As learning began to slow down significantly around epoch 70, I stopped training, reduced the learning rate to 1e-4, and then continued training:
As we expected, we can see a small increase in accuracy and a reduction in loss, but learning again failed to make progress (figure, upper right corner). I asked GoogLeNet to continue epoch80, then stopped training again, and reduced my learning rate by an order of magnitude to 1e-5:
As you can now expect, the result is stagnation (figure, bottom). After the 85th epoch, I completely stopped training. Unfortunately, this experiment performed poorly - I only achieved 53.67% rank-1 and 77.85% rank-5 verification accuracy, which is worse than my first experiment.

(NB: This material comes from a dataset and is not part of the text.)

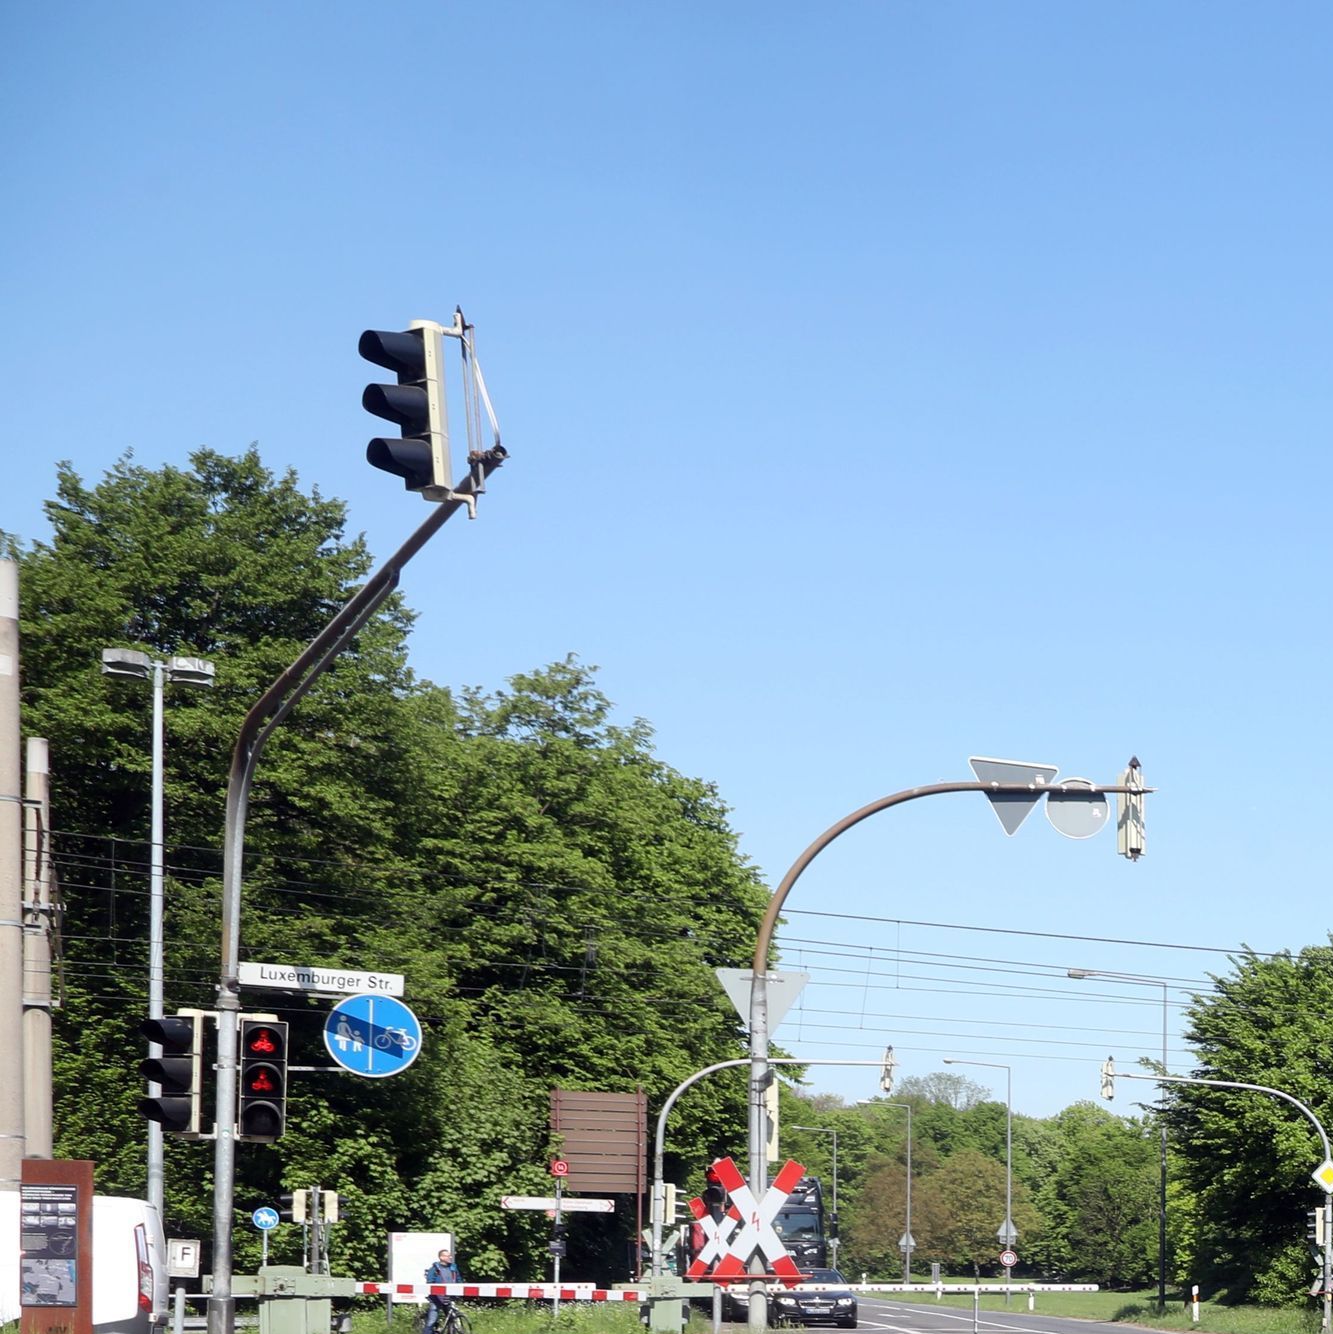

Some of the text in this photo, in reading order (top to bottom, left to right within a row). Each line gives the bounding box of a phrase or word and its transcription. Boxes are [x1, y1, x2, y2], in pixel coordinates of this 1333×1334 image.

[260, 966, 393, 990] Luxemburger Str.
[181, 1246, 191, 1261] F
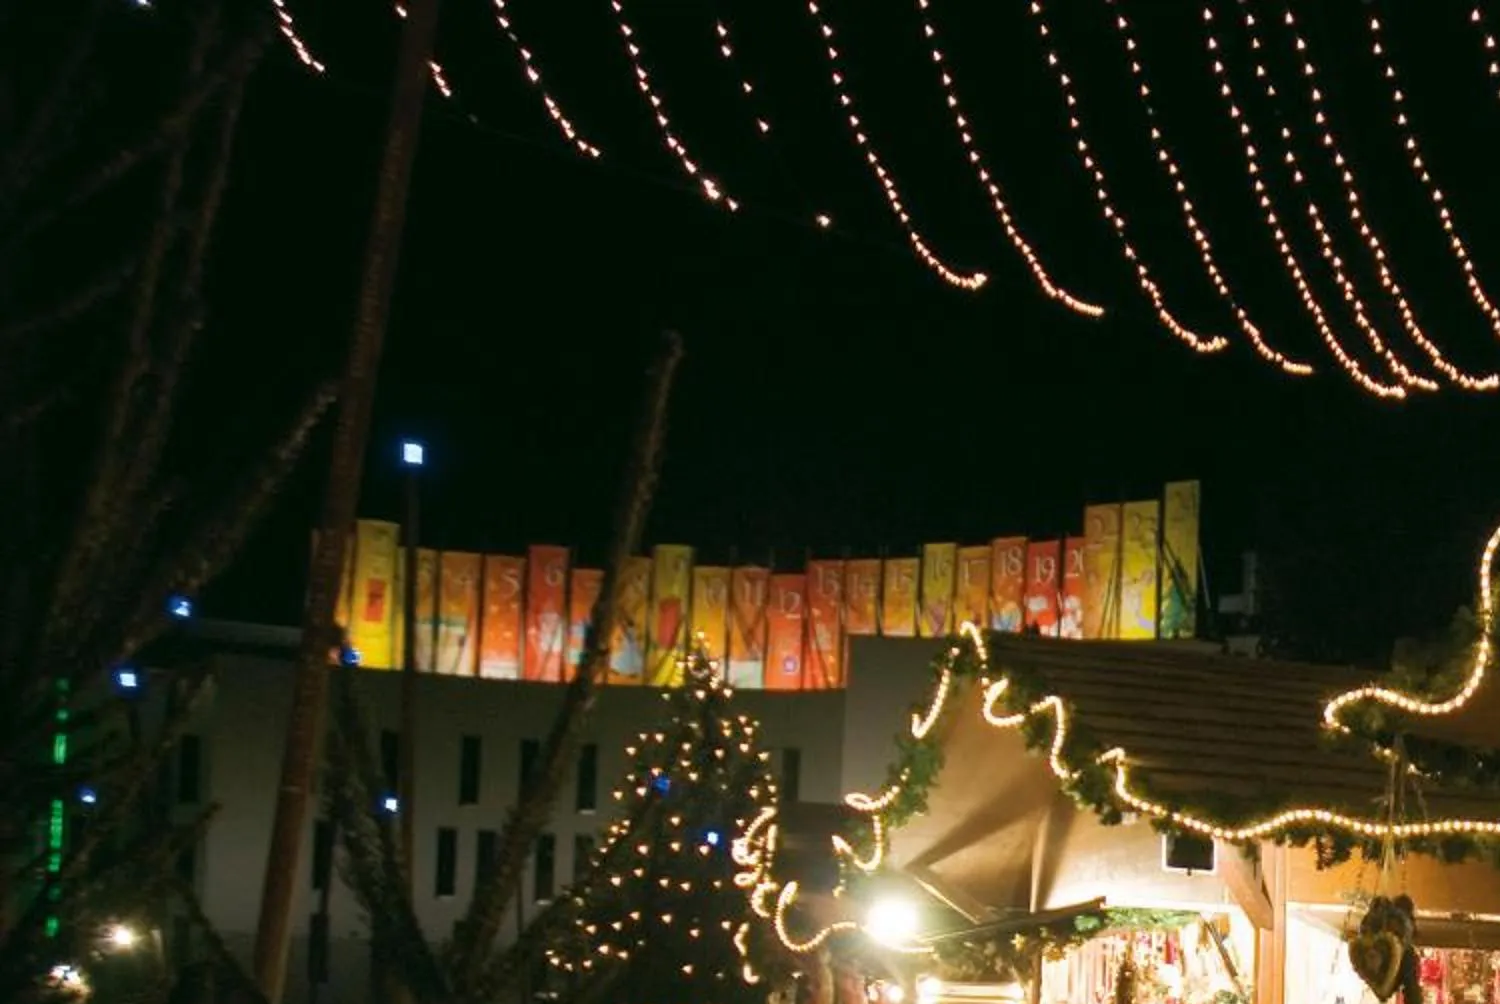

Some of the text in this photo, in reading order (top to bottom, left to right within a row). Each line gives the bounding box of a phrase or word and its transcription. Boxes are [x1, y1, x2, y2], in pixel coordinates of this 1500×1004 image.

3.3 GoogLeNet experiment #3
In view of my experience in using GoogLeNet and Tiny ImageNet in the Practitioner Bundle, I decided to replace Adam's SGD optimizer with an initial (default) learning rate of 1e-3. Using this method, I followed the learning rate decay schedule shown in the table below.

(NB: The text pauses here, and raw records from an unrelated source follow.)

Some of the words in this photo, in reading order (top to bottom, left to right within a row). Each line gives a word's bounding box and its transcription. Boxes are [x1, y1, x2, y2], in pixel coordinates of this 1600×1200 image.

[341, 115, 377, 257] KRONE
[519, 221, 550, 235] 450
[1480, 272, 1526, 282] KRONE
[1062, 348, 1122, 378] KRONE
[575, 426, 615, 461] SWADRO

The accuracy and loss diagram is shown in the figure below. Compared with other experiments, We can see that GoogLeNet + Adam quickly achieved a verification accuracy of > 50% (less than 10 epochs, compared with 15 epochs in experiment #1, this is only due to the change of learning rate). It can be seen that reducing the learning rate from 1e-3 to 1e-4 in period 30 introduces an improvement in accuracy. Unfortunately, there is no big jump in period 45. Switch to 1e-5 and continue training five epochs.

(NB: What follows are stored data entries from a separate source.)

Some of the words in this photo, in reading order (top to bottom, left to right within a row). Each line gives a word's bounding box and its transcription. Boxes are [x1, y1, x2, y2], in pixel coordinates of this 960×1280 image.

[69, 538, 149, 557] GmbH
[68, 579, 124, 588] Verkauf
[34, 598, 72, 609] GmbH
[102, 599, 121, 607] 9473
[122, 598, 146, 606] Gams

After the 50th epoch, stop training. Here, GoogLeNet achieves the accuracy of 63.45% rank-1 and 84.90% rank-5 in the verification set, which is much better than the first two experiments.
Test the model on the test set:
On the test set, we obtained 65.87% rank-1 and 87.48% rank-5 accuracy. This result is certainly better than AlexNet, but it can not be compared with 71.42% rank-1 and 90.03% rank-5 of VGG.